▶ [Assigned task]: Retype the entries below exactly, dropping the images.

▶ [Given data]:
——
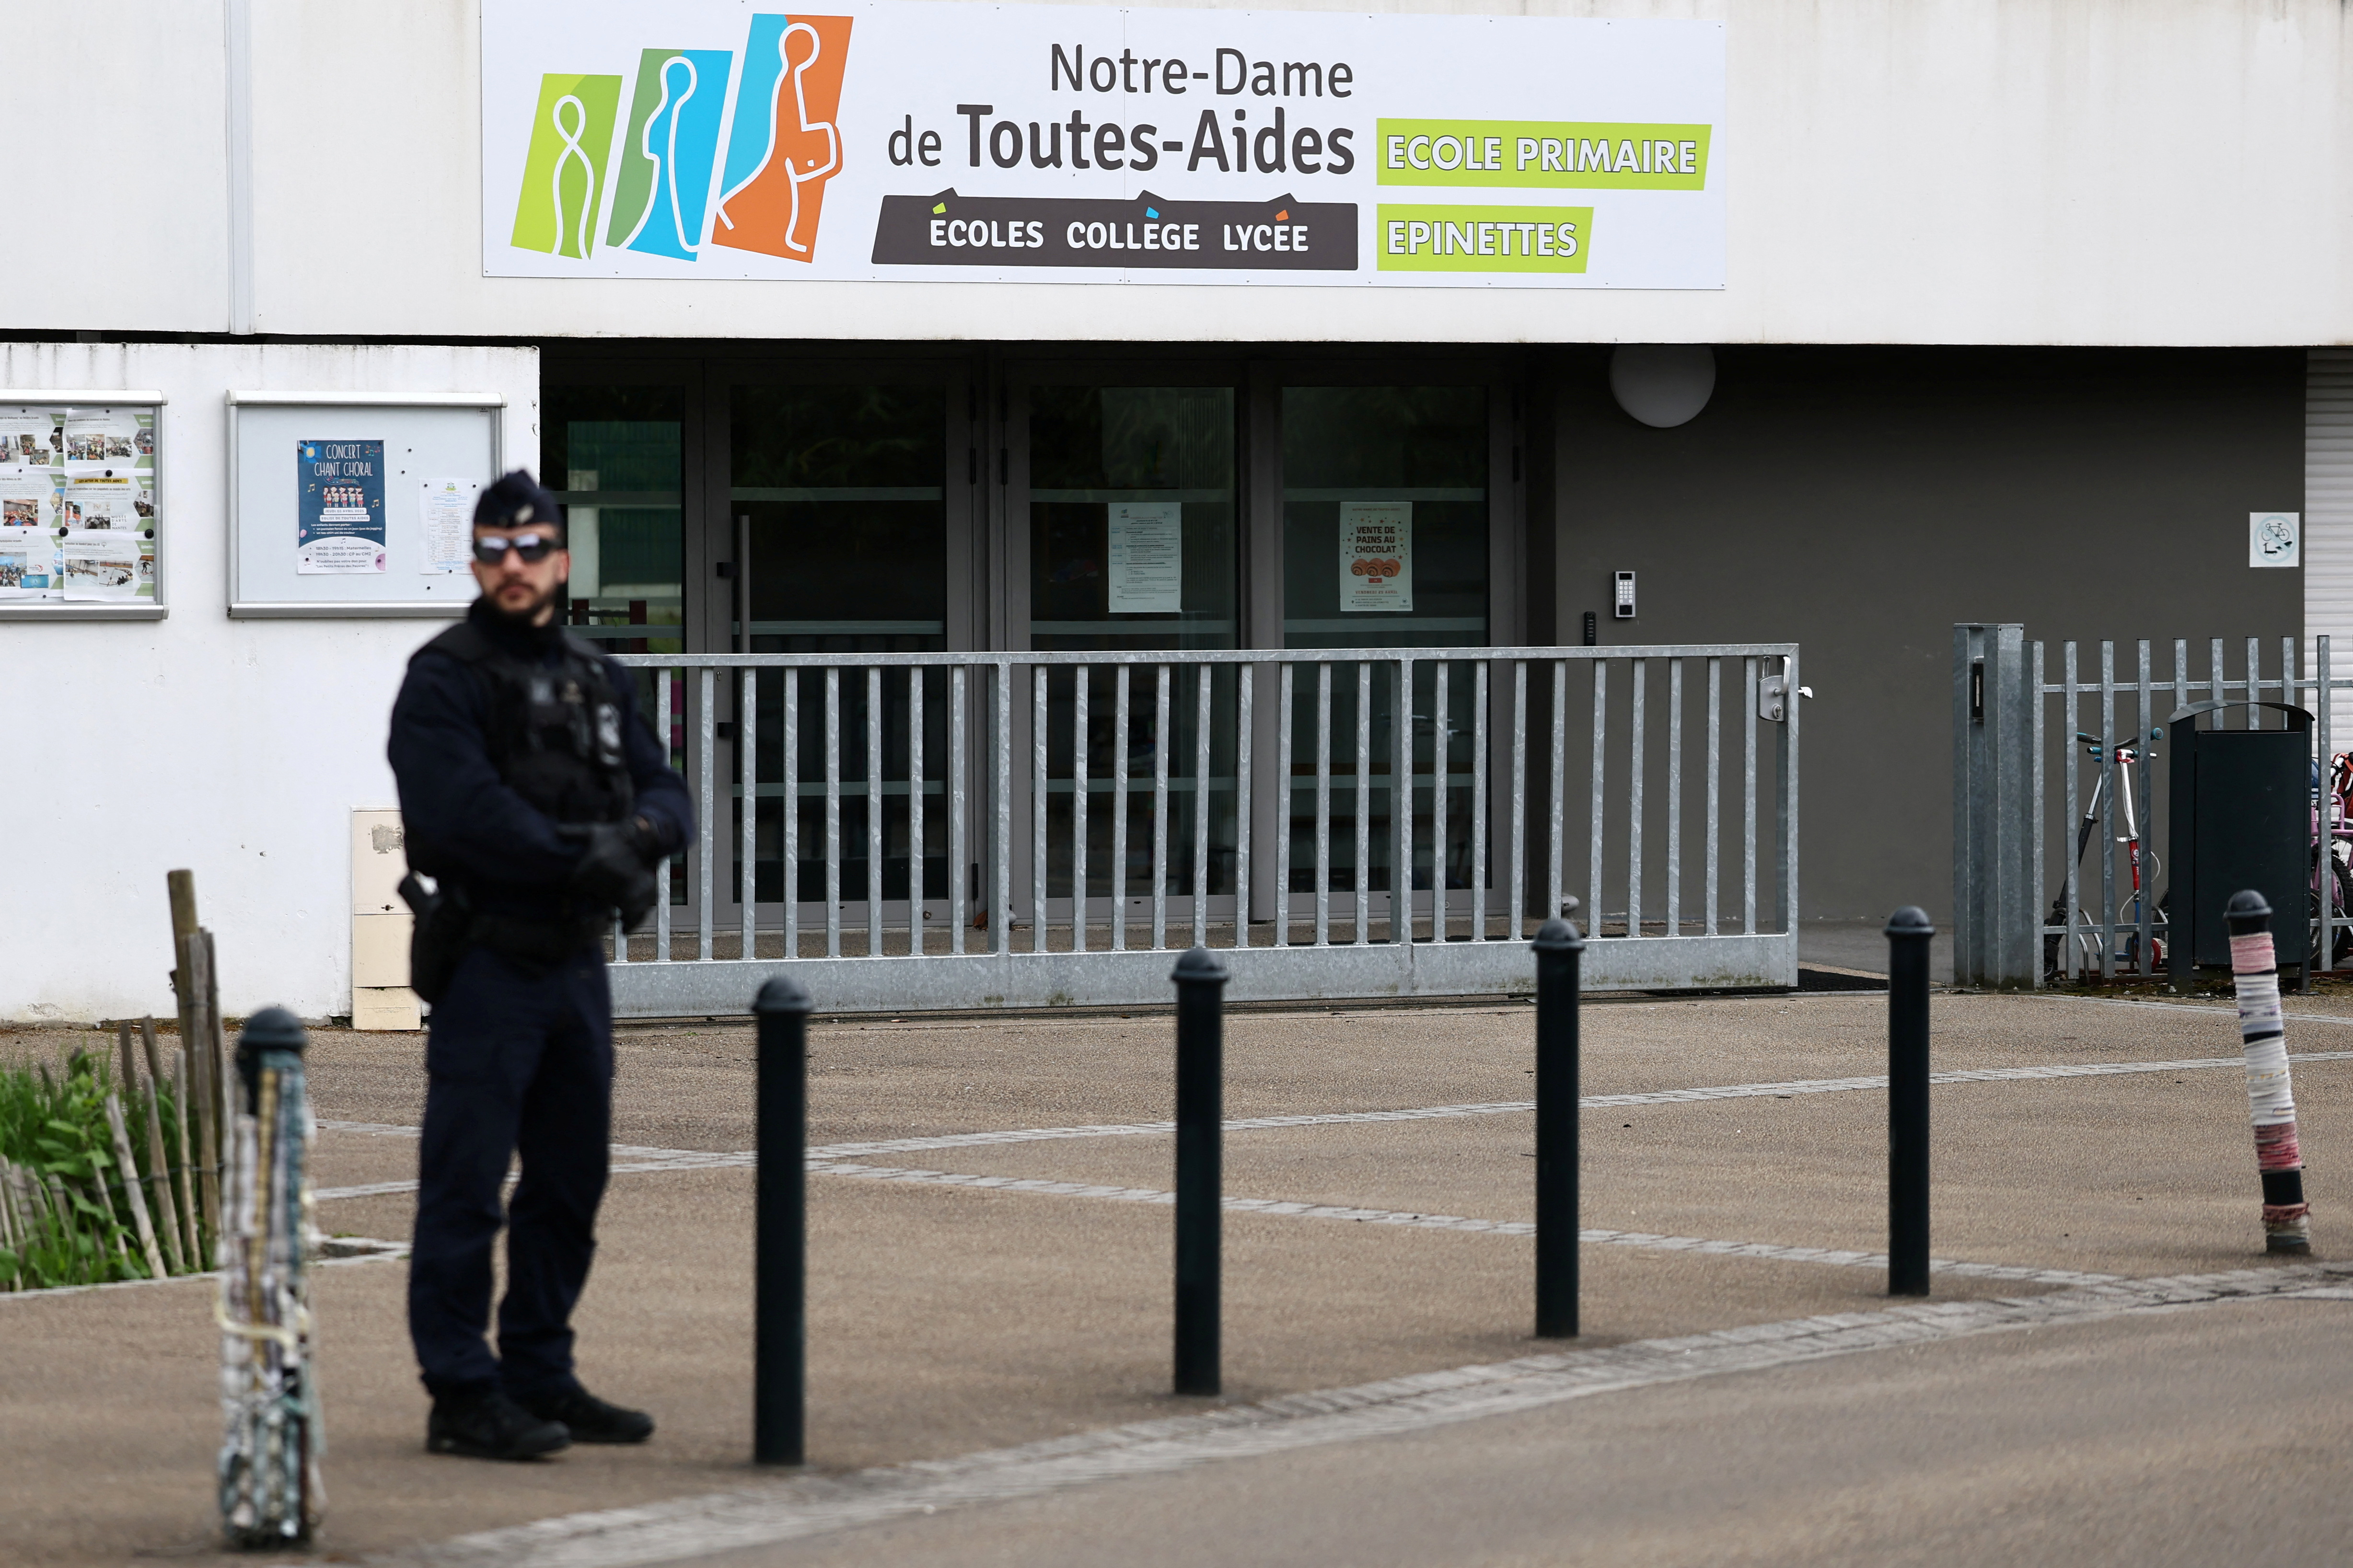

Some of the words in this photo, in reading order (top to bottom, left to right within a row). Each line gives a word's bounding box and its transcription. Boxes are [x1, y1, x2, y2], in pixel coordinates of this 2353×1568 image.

[1052, 44, 1353, 98] Notre-Dame
[888, 114, 942, 167] de
[957, 104, 1355, 175] Toutes-Aides
[1387, 135, 1502, 171] ECOLE
[1516, 137, 1696, 174] PRIMAIRE
[1387, 220, 1578, 257] EPINETTES
[314, 462, 340, 476] CHANT
[344, 462, 373, 476] CHORAL
[326, 444, 361, 459] CONCERT
——
▶ [Expected answer]:
Some of the words in this photo, in reading order (top to bottom, left to right within a row). Each line gives a word's bounding box and its transcription. Boxes are [x1, y1, x2, y2], in pixel coordinates of this 2353×1568 image.

[1052, 44, 1353, 98] Notre-Dame
[888, 114, 942, 167] de
[957, 104, 1355, 175] Toutes-Aides
[1387, 135, 1502, 171] ECOLE
[1516, 137, 1696, 174] PRIMAIRE
[1387, 220, 1578, 257] EPINETTES
[314, 462, 340, 476] CHANT
[344, 462, 373, 476] CHORAL
[326, 444, 361, 459] CONCERT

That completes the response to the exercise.